The truth was that Danny had no idea what was going on with Sam. They talked all the time, just like he and Tucker did, but Danny had the aching feeling that he missed a lot more than he should because he spent so much time trying to pretend that he didn't like her as much as he did. The fear of her realizing that he spent more time wishing she were kissing him than paying attention to what she said was something he carried everywhere he went.

It had only gotten worse once he'd claimed Amity as his haunt. Sure, he could pay more attention to school and life and less getting his ass handed to him.

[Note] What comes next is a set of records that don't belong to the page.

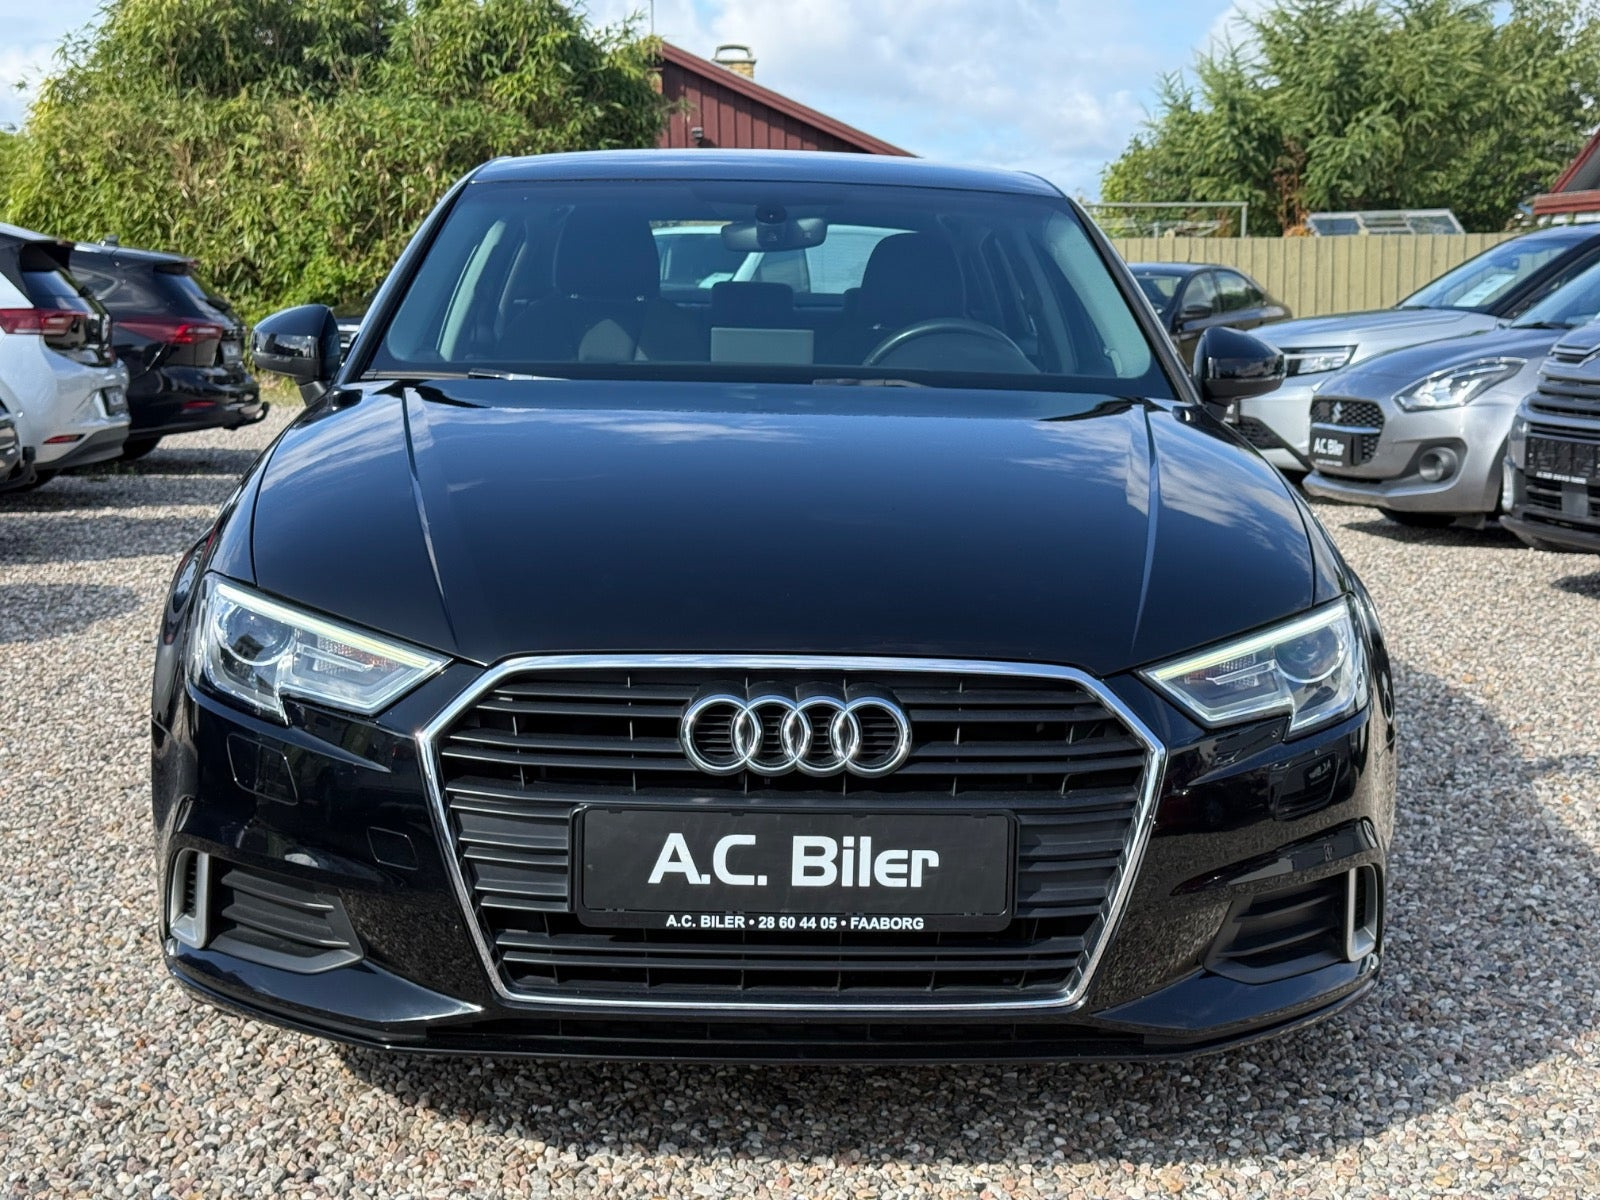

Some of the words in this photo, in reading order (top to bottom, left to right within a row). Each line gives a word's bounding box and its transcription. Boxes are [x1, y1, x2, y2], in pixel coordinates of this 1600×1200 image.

[647, 832, 768, 886] A.C.
[791, 835, 940, 888] Biler
[665, 914, 697, 928] A.C.
[700, 914, 746, 929] BILER
[757, 915, 776, 929] 28
[778, 916, 796, 930] 60
[798, 916, 817, 930] 44
[819, 916, 838, 930] 05
[850, 916, 925, 931] FAABORG

The down side was that he spent a lot more time facing the fact that Sam was his friend. _Just_ his friend.

Yeah. Just his friend. And he wanted to much more.

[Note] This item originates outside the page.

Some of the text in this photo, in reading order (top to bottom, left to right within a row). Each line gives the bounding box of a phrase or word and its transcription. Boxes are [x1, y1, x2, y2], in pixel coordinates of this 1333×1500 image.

She was still the same girl he'd met in kindergarten, though she didn't wear pink frills and lace. (That had gone out the window about the time she hit puberty and realized that she wanted nothing more than to be everything her mother wasn't.) She still dressed the same way she had for years, talked the same way, had the same ideas and opinions. Hell, she'd gotten so proactive that her hair was nearly to her waist so that she could donate it to a wig making charity.

The fact was _he_ was the one that had changed. The friendship had grown to be so much more on his end that Danny was pretty sure if Sam was unhappy, he was unhappy.

He was unhappy.

This was not an acceptable situation.

After twenty minutes of thought Danny wasn't any closer to figuring it out, much to his dismay. He thought that maybe he'd have a better idea if she had talked to him at least once today. Since he didn't have that he wasn't sure what he was left with. She'd been fine when they'd left the mall last night. She hadn't said anything when he'd walked her home.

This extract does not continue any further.